# New Lighting Hood and Bulb



## gonathan85 (Aug 13, 2009)

Went down to my new favorite LFS - Tropical Haven, and picked up a 20" Hood and a 15 watt Aqua Glo bulb for it, it was on sale and the box said the bulb would work fine for low light req. plants. 18,000k and 290 lumens.

This is the first time any lighting has been used on the new tank, I noticed that the goldfish and craw don't like the lighting much, probably not used to it?


----------



## Oldman (May 25, 2009)

The 18000K bulb is not a plant bulb, it is a bulb for a saltwater tank. If you can exchange it for one closer to 8000K, it will work better for plants.


----------



## gonathan85 (Aug 13, 2009)

Ah dang, thanks for the response. I'd hate to get plants in this tank after it cycles and have them not do well! 
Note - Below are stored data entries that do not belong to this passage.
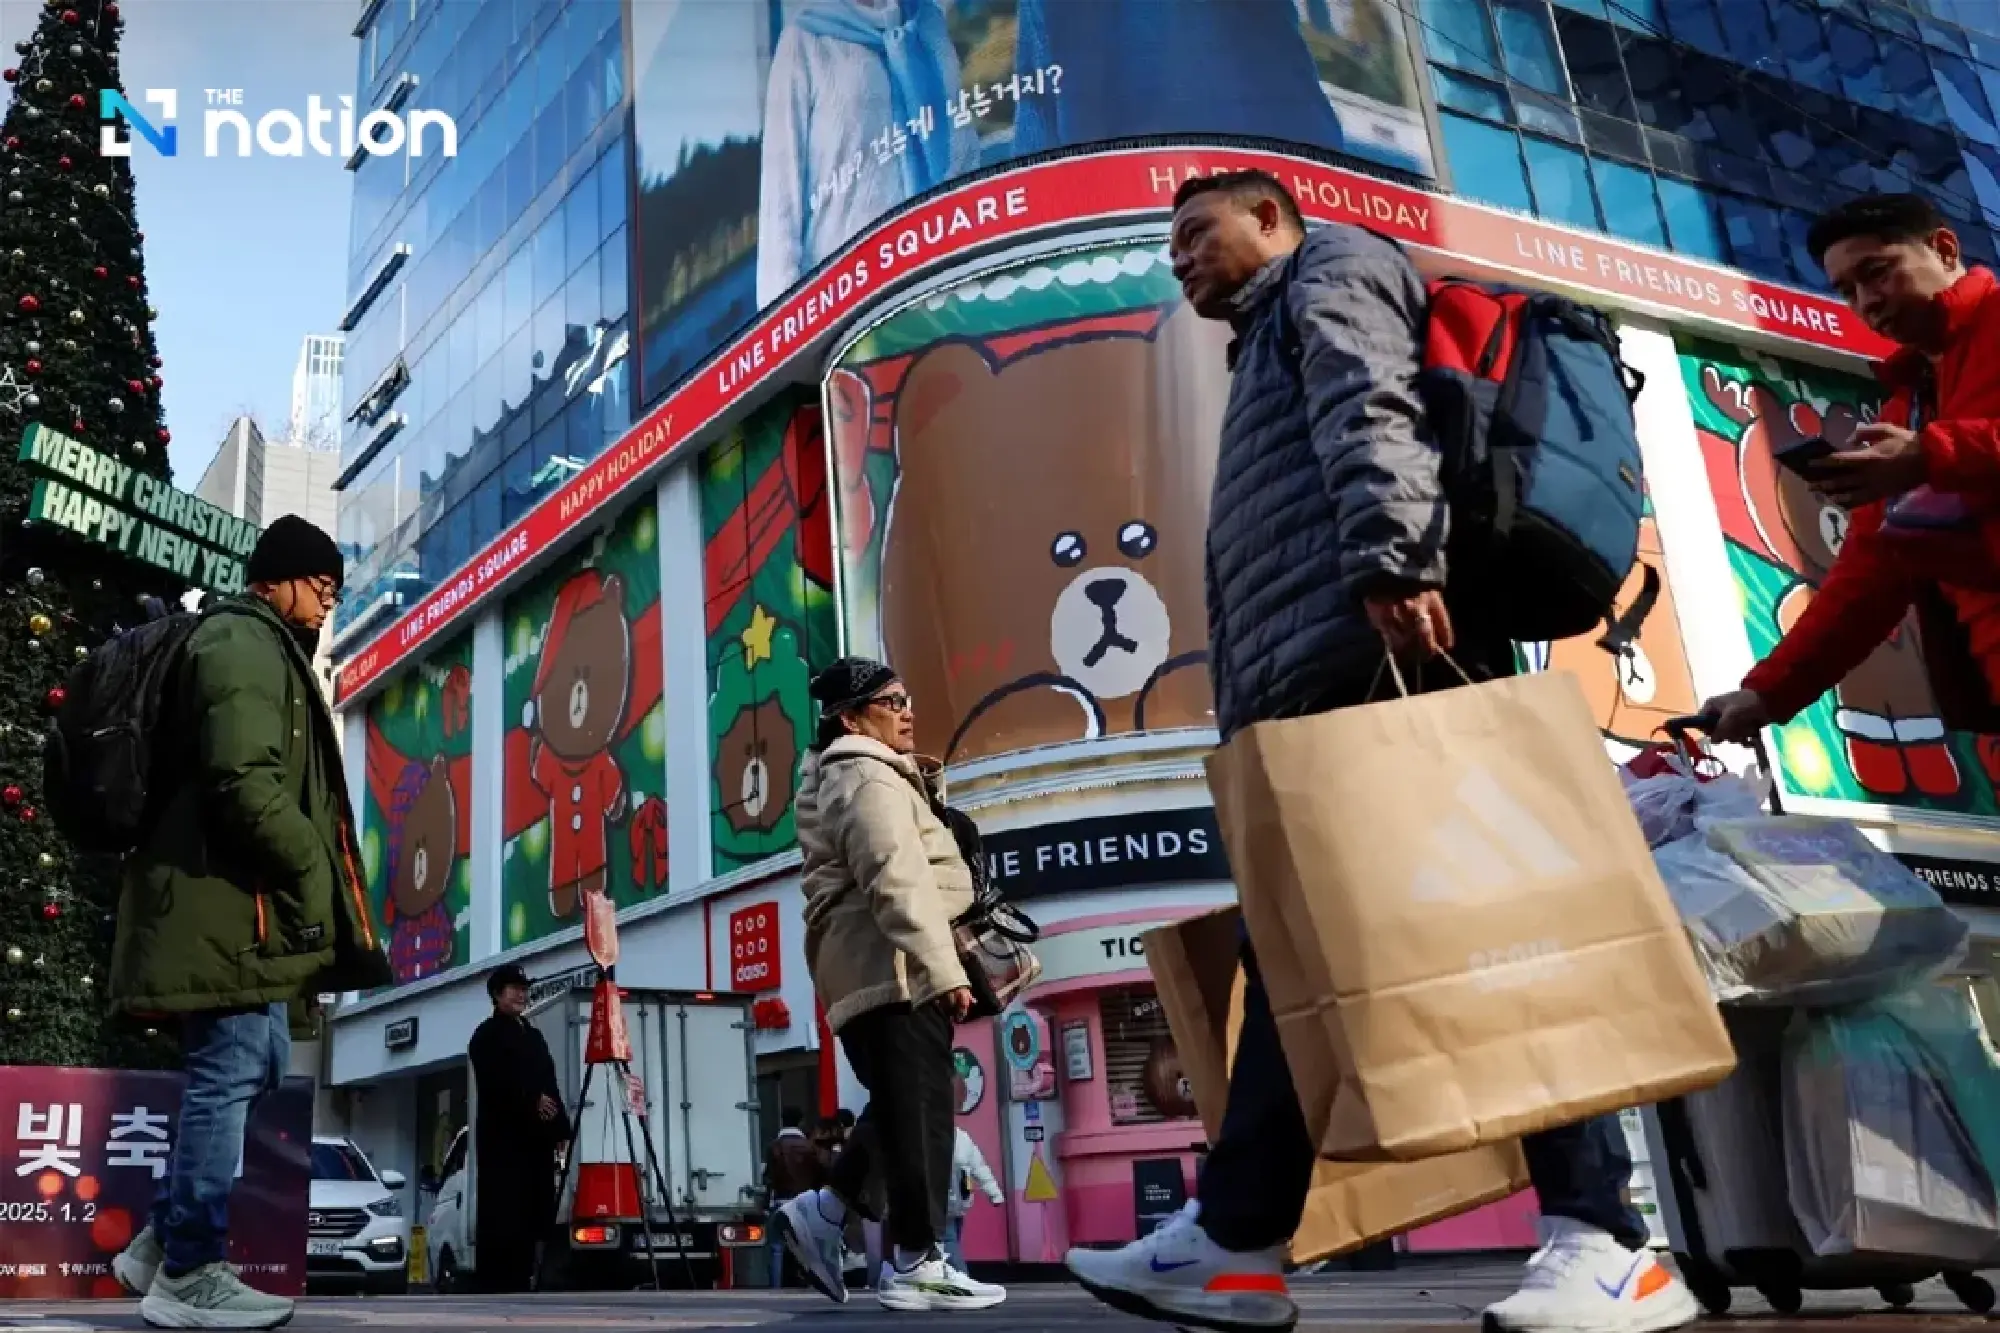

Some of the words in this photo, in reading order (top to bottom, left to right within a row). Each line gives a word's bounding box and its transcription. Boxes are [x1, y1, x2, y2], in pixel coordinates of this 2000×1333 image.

[946, 64, 1064, 129] 남는거지?
[1293, 175, 1429, 232] HOLIDAY
[719, 339, 766, 393] LINE
[771, 260, 869, 352] FRIENDS
[879, 187, 1029, 269] SQUARE
[1514, 232, 1588, 271] LINE
[1597, 252, 1722, 306] FRIENDS
[1731, 288, 1845, 337] SQUARE
[31, 424, 133, 500] MERRY
[133, 471, 263, 556] CHRISTMA
[560, 468, 604, 520] HAPPY
[608, 413, 673, 483] HOLIDAY
[42, 480, 139, 551] HAPPY
[137, 520, 200, 578] NEW
[200, 547, 249, 596] YEA
[401, 612, 425, 647] LINE
[427, 573, 475, 626] FRIENDS
[477, 530, 528, 585] SQUARE
[1036, 828, 1208, 872] FRIENDS
[1914, 867, 1989, 891] FRIENDS
[1100, 935, 1145, 959] TIC
[15, 1102, 82, 1177] 빛
[60, 1202, 77, 1222] 1.
The box said that it was a good bulb for planted tanks and fish color. 

Sigh.

Thanks again!


----------



## Oldman (May 25, 2009)

Check the numbers again. at 18000K it is a way shorter wavelength spectrum than sunlight would be. Noon sunlight is actually about 5500K but that looks a bit yellow to most people.


----------



## gonathan85 (Aug 13, 2009)

I called the LFS, and they said that an exchange would be fine. Thanks for the heads up on the bulb. Without the correction, I'd be stuck writing a new thread titled "my plants are turning brown!"


----------



## gonathan85 (Aug 13, 2009)

Well I went to exchange the bulb, and as usual, they were extremely helpful. I realized that even though the particular store that you are using is knowledgeable as a whole, there is always someone there who knows a little bit more than the other about a certain aquarium subject.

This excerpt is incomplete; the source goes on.